*YOUR GOAL*. Please copy out the records that follow, word for word.

*Records from a collection*.

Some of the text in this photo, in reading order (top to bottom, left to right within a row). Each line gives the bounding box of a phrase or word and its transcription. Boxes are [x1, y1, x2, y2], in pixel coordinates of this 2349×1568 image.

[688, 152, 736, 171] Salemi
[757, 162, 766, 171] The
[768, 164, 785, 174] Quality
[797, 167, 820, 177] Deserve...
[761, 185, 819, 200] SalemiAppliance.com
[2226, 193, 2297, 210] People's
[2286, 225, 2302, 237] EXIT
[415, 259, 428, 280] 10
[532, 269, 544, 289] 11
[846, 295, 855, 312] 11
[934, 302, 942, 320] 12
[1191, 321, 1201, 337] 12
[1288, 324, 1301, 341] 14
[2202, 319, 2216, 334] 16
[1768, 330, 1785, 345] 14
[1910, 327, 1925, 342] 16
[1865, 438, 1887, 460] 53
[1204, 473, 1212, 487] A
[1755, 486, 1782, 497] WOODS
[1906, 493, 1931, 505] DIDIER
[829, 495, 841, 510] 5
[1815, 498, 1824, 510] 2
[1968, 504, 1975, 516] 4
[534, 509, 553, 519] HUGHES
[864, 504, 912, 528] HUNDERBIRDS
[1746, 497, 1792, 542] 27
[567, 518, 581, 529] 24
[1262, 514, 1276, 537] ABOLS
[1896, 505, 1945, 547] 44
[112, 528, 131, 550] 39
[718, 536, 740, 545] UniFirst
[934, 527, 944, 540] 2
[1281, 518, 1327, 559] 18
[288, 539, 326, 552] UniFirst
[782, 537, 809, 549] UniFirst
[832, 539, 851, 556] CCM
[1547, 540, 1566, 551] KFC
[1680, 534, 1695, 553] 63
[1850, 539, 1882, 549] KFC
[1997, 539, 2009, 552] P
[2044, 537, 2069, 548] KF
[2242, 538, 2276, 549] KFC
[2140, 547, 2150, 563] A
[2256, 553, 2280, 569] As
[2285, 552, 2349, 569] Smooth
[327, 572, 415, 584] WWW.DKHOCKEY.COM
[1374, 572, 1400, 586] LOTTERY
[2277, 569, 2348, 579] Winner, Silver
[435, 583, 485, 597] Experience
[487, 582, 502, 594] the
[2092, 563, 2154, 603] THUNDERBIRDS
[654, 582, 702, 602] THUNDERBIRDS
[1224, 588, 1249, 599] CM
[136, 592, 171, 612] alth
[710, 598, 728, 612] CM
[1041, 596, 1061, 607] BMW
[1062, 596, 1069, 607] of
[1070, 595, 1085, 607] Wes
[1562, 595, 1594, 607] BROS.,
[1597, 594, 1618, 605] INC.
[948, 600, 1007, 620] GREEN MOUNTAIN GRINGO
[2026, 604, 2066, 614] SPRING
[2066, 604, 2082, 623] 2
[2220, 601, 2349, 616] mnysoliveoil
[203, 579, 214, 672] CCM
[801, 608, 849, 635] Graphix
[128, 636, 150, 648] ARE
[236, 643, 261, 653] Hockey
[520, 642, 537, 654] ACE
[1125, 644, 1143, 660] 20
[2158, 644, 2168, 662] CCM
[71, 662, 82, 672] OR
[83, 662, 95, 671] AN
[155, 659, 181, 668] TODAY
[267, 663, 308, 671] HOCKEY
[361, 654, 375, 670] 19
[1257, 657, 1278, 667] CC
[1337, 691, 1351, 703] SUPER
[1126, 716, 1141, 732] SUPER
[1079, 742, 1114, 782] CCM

*SOLUTION FOR THIS EXERCISE*.
Some of the text in this photo, in reading order (top to bottom, left to right within a row). Each line gives the bounding box of a phrase or word and its transcription. Boxes are [x1, y1, x2, y2], in pixel coordinates of this 2349×1568 image.

[688, 152, 736, 171] Salemi
[757, 162, 766, 171] The
[768, 164, 785, 174] Quality
[797, 167, 820, 177] Deserve...
[761, 185, 819, 200] SalemiAppliance.com
[2226, 193, 2297, 210] People's
[2286, 225, 2302, 237] EXIT
[415, 259, 428, 280] 10
[532, 269, 544, 289] 11
[846, 295, 855, 312] 11
[934, 302, 942, 320] 12
[1191, 321, 1201, 337] 12
[1288, 324, 1301, 341] 14
[2202, 319, 2216, 334] 16
[1768, 330, 1785, 345] 14
[1910, 327, 1925, 342] 16
[1865, 438, 1887, 460] 53
[1204, 473, 1212, 487] A
[1755, 486, 1782, 497] WOODS
[1906, 493, 1931, 505] DIDIER
[829, 495, 841, 510] 5
[1815, 498, 1824, 510] 2
[1968, 504, 1975, 516] 4
[534, 509, 553, 519] HUGHES
[864, 504, 912, 528] HUNDERBIRDS
[1746, 497, 1792, 542] 27
[567, 518, 581, 529] 24
[1262, 514, 1276, 537] ABOLS
[1896, 505, 1945, 547] 44
[112, 528, 131, 550] 39
[718, 536, 740, 545] UniFirst
[934, 527, 944, 540] 2
[1281, 518, 1327, 559] 18
[288, 539, 326, 552] UniFirst
[782, 537, 809, 549] UniFirst
[832, 539, 851, 556] CCM
[1547, 540, 1566, 551] KFC
[1680, 534, 1695, 553] 63
[1850, 539, 1882, 549] KFC
[1997, 539, 2009, 552] P
[2044, 537, 2069, 548] KF
[2242, 538, 2276, 549] KFC
[2140, 547, 2150, 563] A
[2256, 553, 2280, 569] As
[2285, 552, 2349, 569] Smooth
[327, 572, 415, 584] WWW.DKHOCKEY.COM
[1374, 572, 1400, 586] LOTTERY
[2277, 569, 2348, 579] Winner, Silver
[435, 583, 485, 597] Experience
[487, 582, 502, 594] the
[2092, 563, 2154, 603] THUNDERBIRDS
[654, 582, 702, 602] THUNDERBIRDS
[1224, 588, 1249, 599] CM
[136, 592, 171, 612] alth
[710, 598, 728, 612] CM
[1041, 596, 1061, 607] BMW
[1062, 596, 1069, 607] of
[1070, 595, 1085, 607] Wes
[1562, 595, 1594, 607] BROS.,
[1597, 594, 1618, 605] INC.
[948, 600, 1007, 620] GREEN MOUNTAIN GRINGO
[2026, 604, 2066, 614] SPRING
[2066, 604, 2082, 623] 2
[2220, 601, 2349, 616] mnysoliveoil
[203, 579, 214, 672] CCM
[801, 608, 849, 635] Graphix
[128, 636, 150, 648] ARE
[236, 643, 261, 653] Hockey
[520, 642, 537, 654] ACE
[1125, 644, 1143, 660] 20
[2158, 644, 2168, 662] CCM
[71, 662, 82, 672] OR
[83, 662, 95, 671] AN
[155, 659, 181, 668] TODAY
[267, 663, 308, 671] HOCKEY
[361, 654, 375, 670] 19
[1257, 657, 1278, 667] CC
[1337, 691, 1351, 703] SUPER
[1126, 716, 1141, 732] SUPER
[1079, 742, 1114, 782] CCM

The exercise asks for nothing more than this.